**WHAT IS EXPECTED**
Make a verbatim transcription of the records, without the pictures.

==== TASK DATA

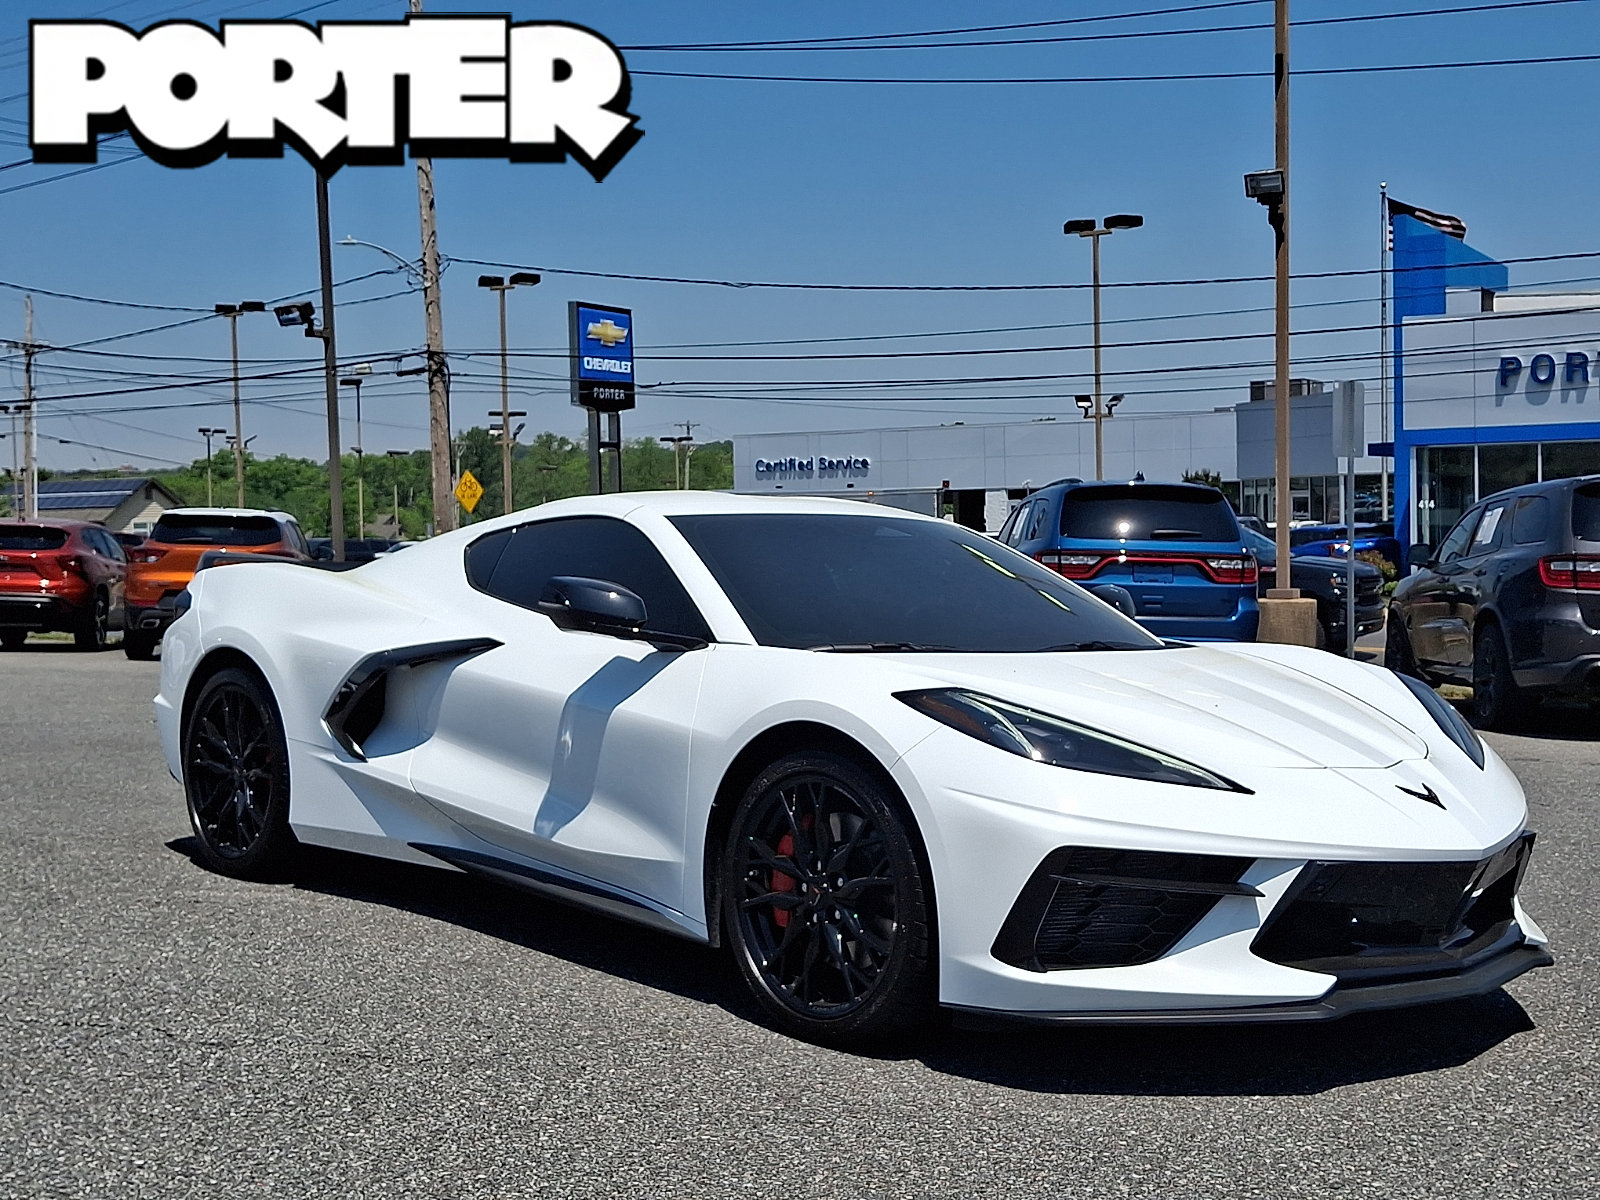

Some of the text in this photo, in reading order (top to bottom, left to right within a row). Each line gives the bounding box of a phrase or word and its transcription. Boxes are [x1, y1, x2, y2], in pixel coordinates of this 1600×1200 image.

[584, 357, 632, 373] CHEVROLET
[1500, 351, 1600, 387] POR
[593, 387, 625, 400] PORTER
[756, 455, 870, 473] Certified Service
[1418, 499, 1435, 509] 414
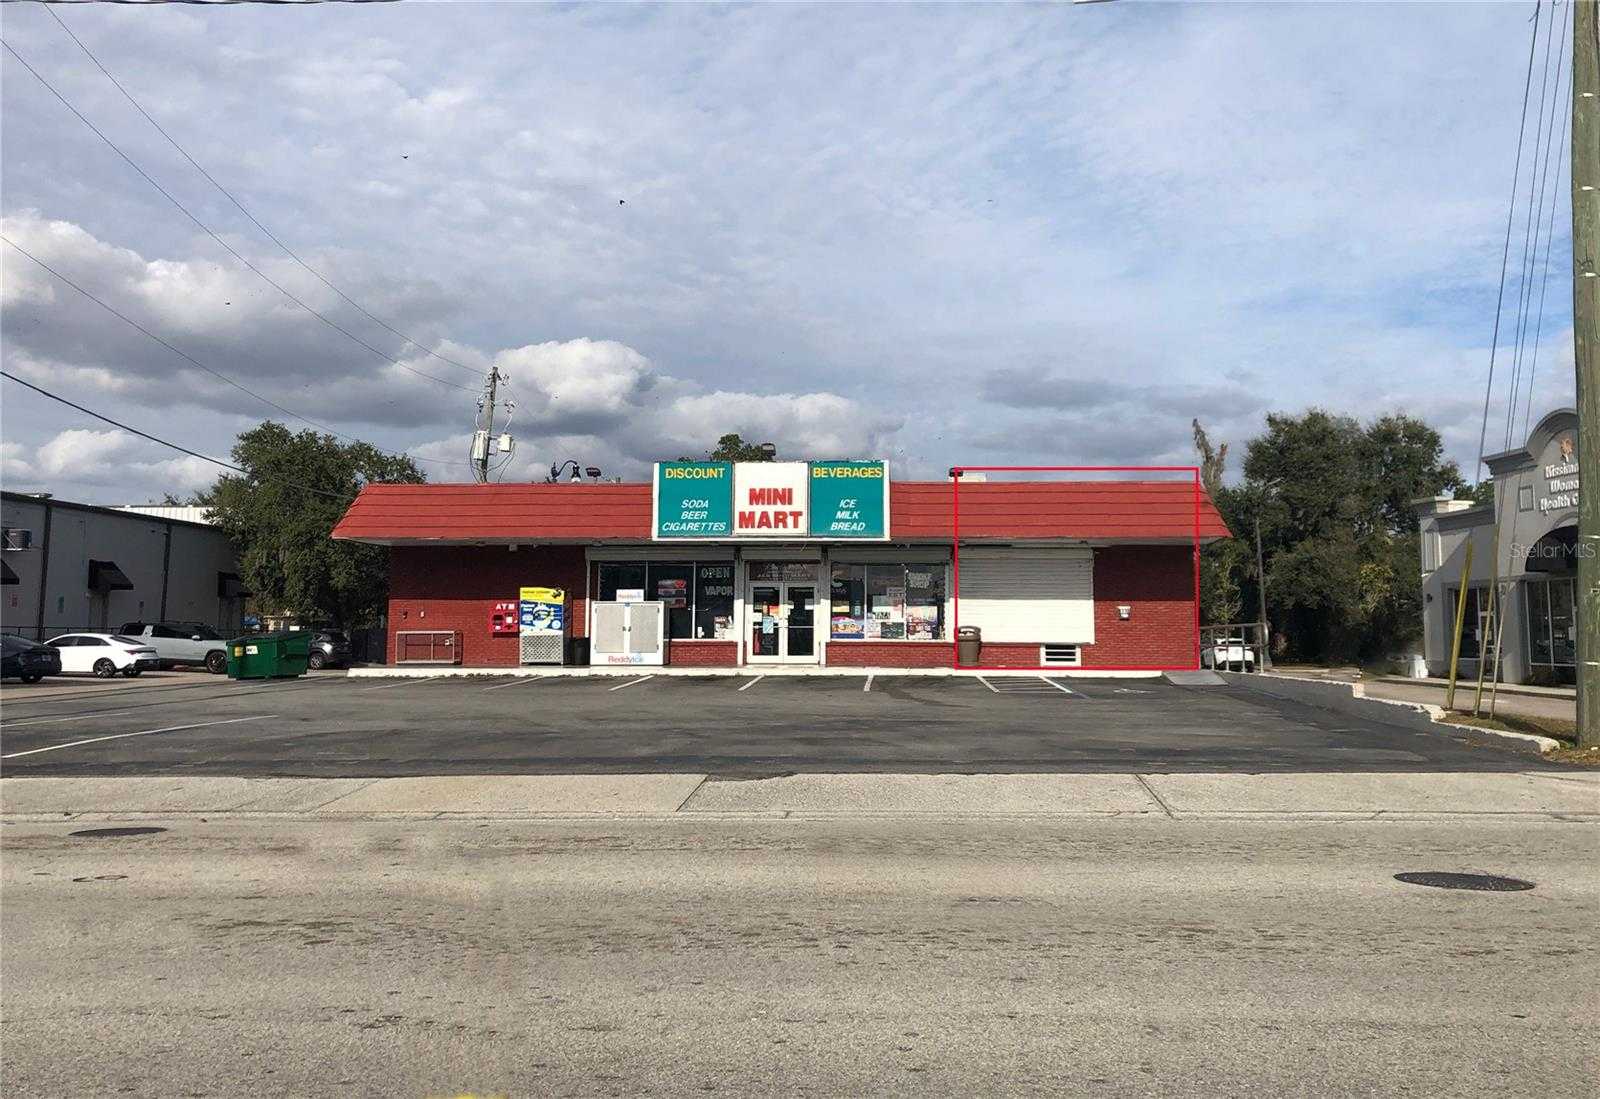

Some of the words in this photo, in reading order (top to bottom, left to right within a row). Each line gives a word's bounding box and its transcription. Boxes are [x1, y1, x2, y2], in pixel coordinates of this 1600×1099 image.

========

**TASK OUTPUT**
Some of the text in this photo, in reading order (top to bottom, left to right within a row). Each line gives the bounding box of a phrase or word and its transcription. Boxes are [x1, y1, x2, y2], in pixel coordinates of this 1600×1200 image.

[584, 357, 632, 373] CHEVROLET
[1500, 351, 1600, 387] POR
[593, 387, 625, 400] PORTER
[756, 455, 870, 473] Certified Service
[1418, 499, 1435, 509] 414

Some of the words in this photo, in reading order (top to bottom, left to right within a row). Each line gives a word's bounding box and its transcription. Boxes are [x1, y1, x2, y2], in pixel coordinates of this 1600×1099 image.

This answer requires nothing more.